Shubhang Dwivedi Junior Analyst, Rystad Energy:
Amongst the measures that can be taken to finance the rooftop sector in India include holding outreach campaigns to make MSMEs, aware of the intricate details, such as financial benefits to be accrued from investing in rooftop solar infrastructure, as well as the expenses incurred in the maintenance of the equipment. MSMEs are reluctant to take a step towards investing in rooftop solar. A well-thought-out media and outreach strategy is required to percolate the information regarding benefits and incentives that MSMEs may accrue from its installation.
Richard Edwards Senior Partner, Asia Clean Energy Partners:
Regulatory certainty and a predictable enabling policy environment are critical to growth in rooftop solar electricity in India’s C&I segment. The uncertainty of net metering regulations at the time served to constrain further growth, but recent measures to clarify them should help increase demand going forward. Similarly, a lapse in duties on solar modules has given a boost to new installations by lowering costs. This duty-free period is slated to last until the end of March 2022, at which time a new basic customs duty of 40% on solar equipment is planned.

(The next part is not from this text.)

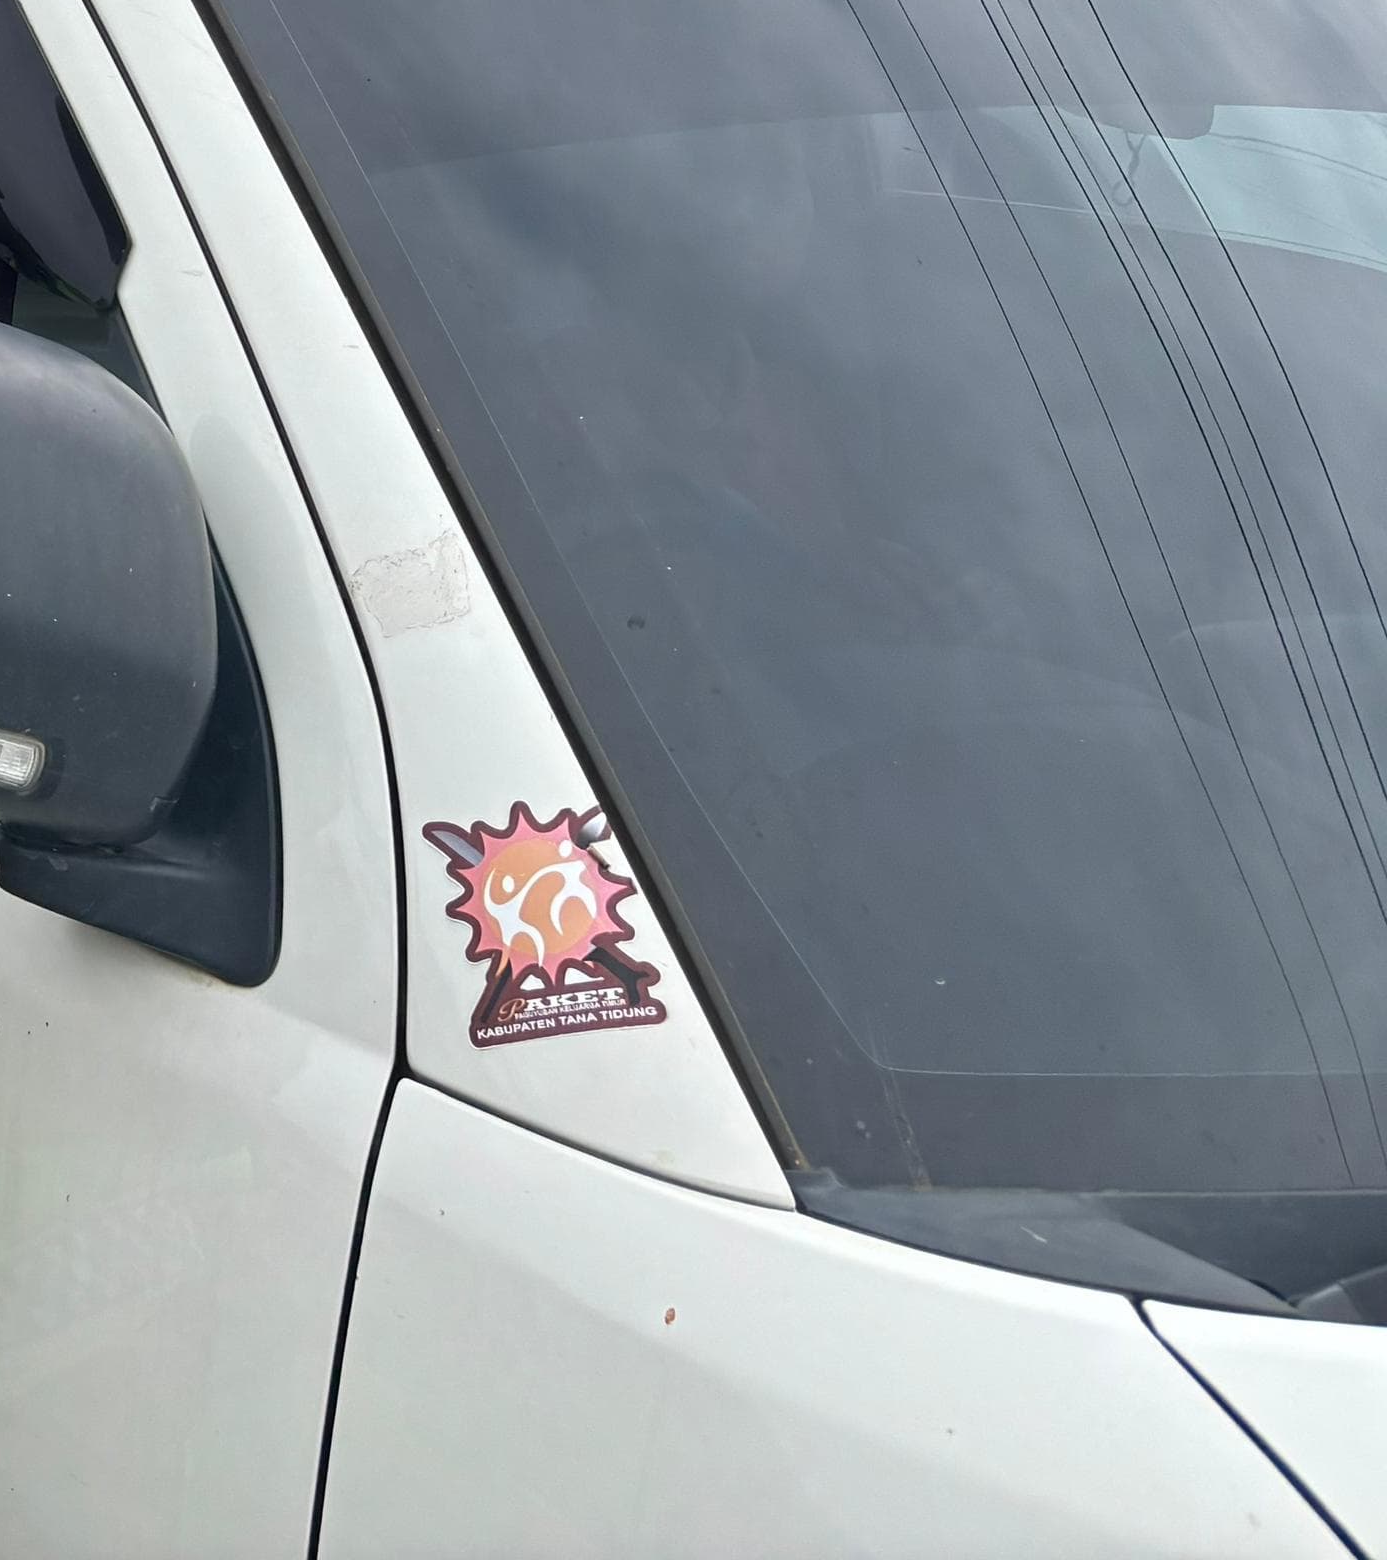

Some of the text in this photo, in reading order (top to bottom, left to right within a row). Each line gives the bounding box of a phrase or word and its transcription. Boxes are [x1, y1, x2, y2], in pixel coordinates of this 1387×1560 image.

[497, 987, 624, 1022] PAKET
[477, 1006, 658, 1040] KABUPATEN TANA TIDUNG

Narsingh Chaudhary, Black &Veatch’s Executive Vice President & Managing Director, Asia Power Business; Harry Harji, Associate Vice President for Black & Veatch management consulting business in Asia:
India’s current cumulative rooftop solar capacity is approximately 5.1GW. The pace of implementation of such projects has remained slow due to policy uncertainty on net versus gross metering. To meet its decarbonisation targets, policies and regulations across states must be consistent and implemented from a long-term perspective.